Carnet rose chez les atèles du Zoo de Bâle

Le 21 avril dernier, un atèle de Geoffroy a vu le jour au Zoo de Bâle. La maman de Quimba, Tequila (23 ans), ne manque pas d’expérience: elle en est à sa septième naissance. Les atèles sont grandement menacés à l’état sauvage.

Arborant la fourrure argentée caractéristique des jeunes, la gracile jeune atèle s’accroche solidement au ventre de sa mère. Quimba attendra d’avoir atteint l’âge de quatre mois pour s’aventurer loin du ventre de sa mère et tenter les premières cabrioles qui font la réputation de son espèce.

© Zoo de Bâle

Acrobates sans pouces
Les atèles se déplacent par brachiation. Autrement dit, ils se servent de leurs mains comme d’un crochet qu’ils balancent alternativement vers l’avant pour se suspendre aux branches, d’autant mieux qu’ils n’ont pas de pouces. En complément, ils utilisent leur longue queue préhensile comme une cinquième main, telle une sangle de sécurité. Véritables acrobates, les atèles sont très espiègles, surtout les jeunes, intrépides, qui batifolent à qui mieux mieux. Les atèles se distinguent par une autre caractéristique étonnante. Chez cette espèce, en effet, on sait d’emblée qui est le mâle et qui est la femelle. La règle est simple: la femelle est celle qui ressemble à un mâle. Cela tient au fait que le clitoris des atèles femelles est hypertrophié.

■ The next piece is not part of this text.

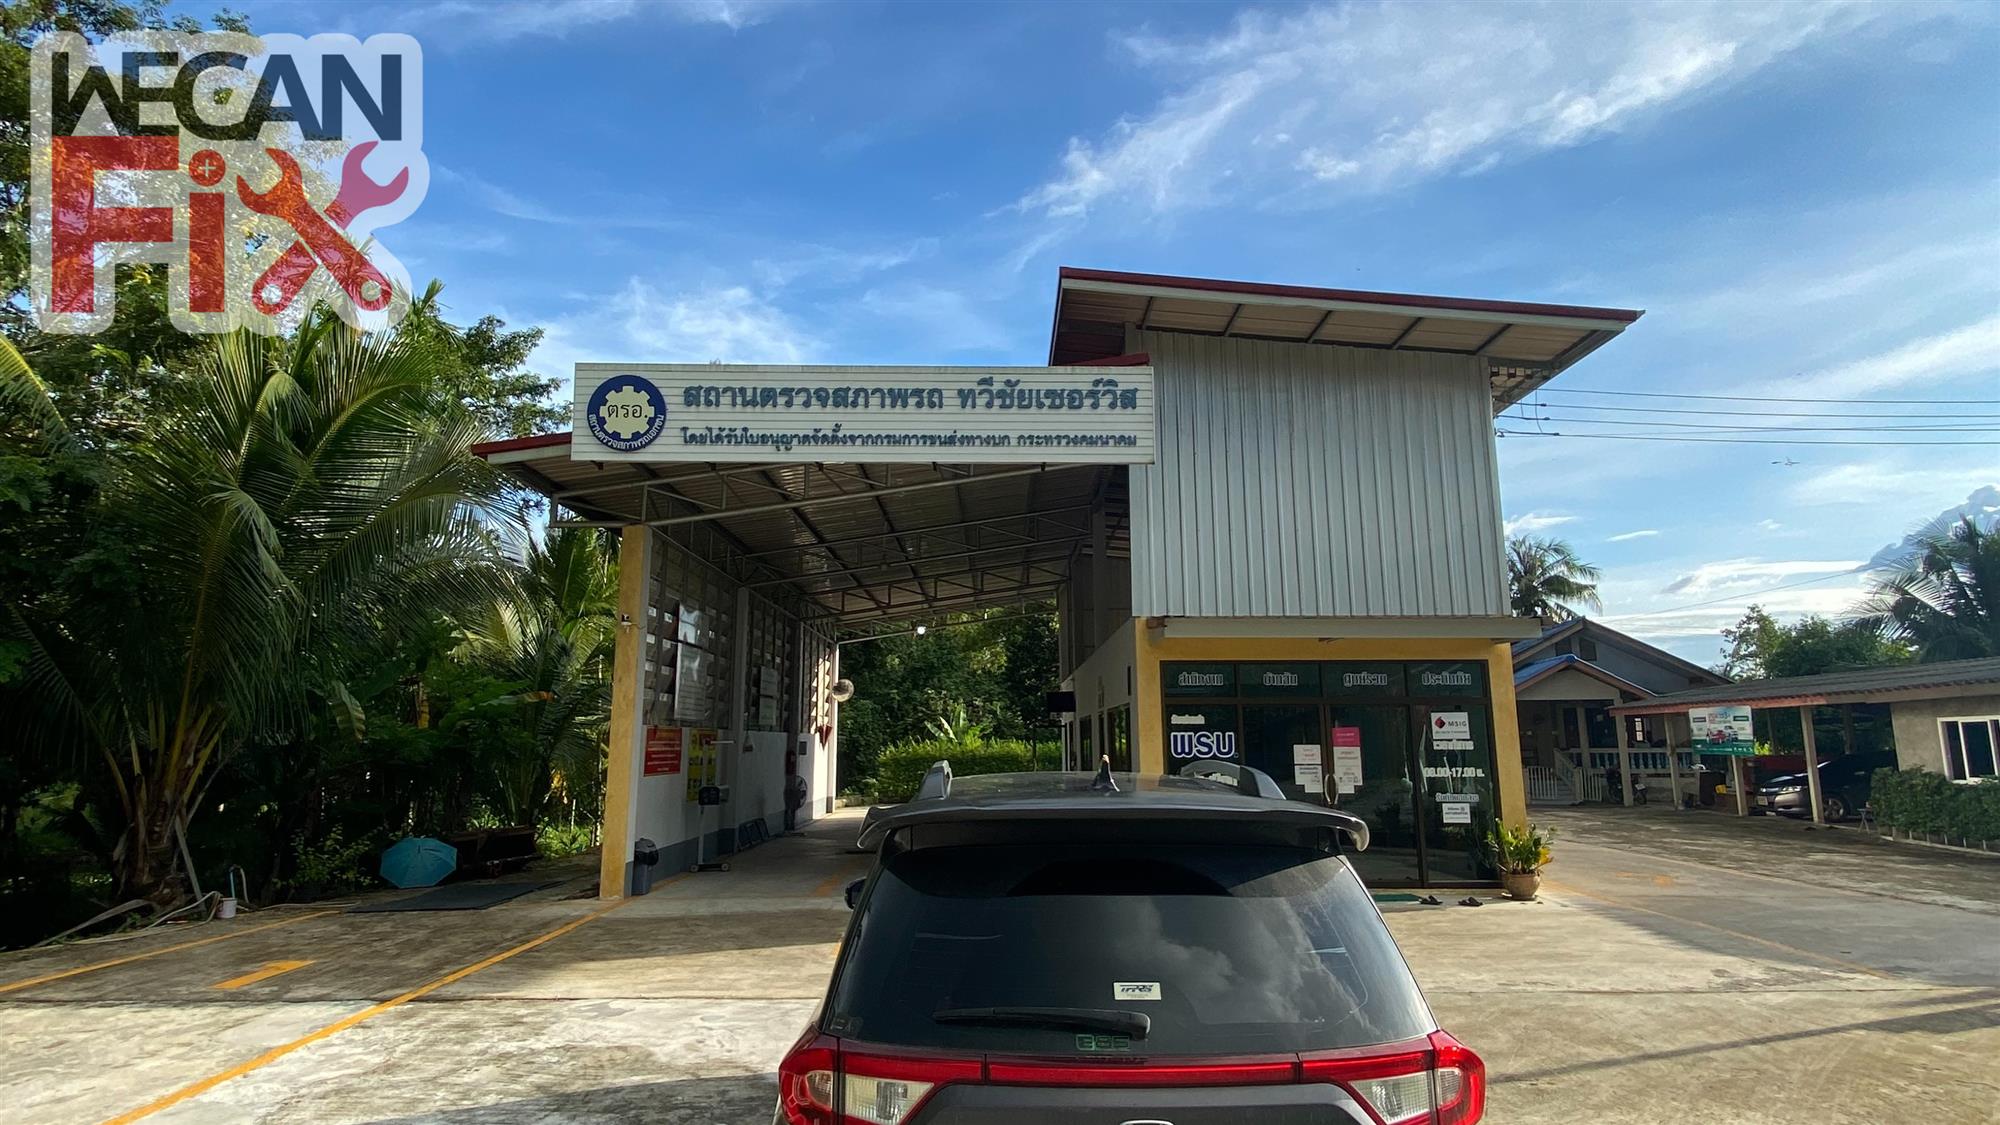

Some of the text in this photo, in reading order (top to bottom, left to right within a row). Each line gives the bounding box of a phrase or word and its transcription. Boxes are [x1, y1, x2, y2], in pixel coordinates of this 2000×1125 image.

[683, 385, 944, 409] สถานตรวจสภาพรถ
[607, 404, 648, 418] ตรอ.
[1017, 434, 1137, 447] กระทรวงคมนาคม

Le groupe d’atèles du Zoo de Bâle rassemble cinq mâles et six femelles. Le père des petits s’appelle Ferdinand (26 ans). Les quatre jeunes mâles sont aujourd’hui âgés de deux à six ans et quitteront bientôt le Zoo de Bâle. Dans la nature aussi, les jeunes mâles quittent le groupe lorsqu’ils atteignent un certain âge. Les mâles et les femelles vivent séparés en sous-groupes et ne se retrouvent qu’occasionnellement. Les mâles défendent leur territoire ensemble.

© Zoo de Bâle

Régime de fruits pour les atèles
Les atèles vivent dans la canopée des forêts tropicales d’Amérique centrale. Ils se nourrissent principalement de fruits mûrs et accessoirement de feuilles et de fleurs. Dans certaines zones, ils peuvent s’alimenter pendant des mois avec un seul type d’arbre quand vient la saison sèche. Au zoo, leur régime alimentaire prévoit également une proportion élevée de fruits, alors que les autres primates mangent surtout des légumes. En effet, les atèles ont un transit très court – de trois à six heures – qui ne leur permet pas de digérer une nourriture riche en fibres comme les
légumes ou les feuilles.

Les atèles sont classés dans la catégorie «en danger» par l’Union internationale pour la conservation de la nature (UICN). Un statut dû notamment au rétrécissement de leur espace vital, mais aussi à la chasse et au commerce d’animaux domestiques. On trouve toutefois des zones de protection efficaces sur leur aire de répartition – parfois avec des fragments de population extrêmement réduits.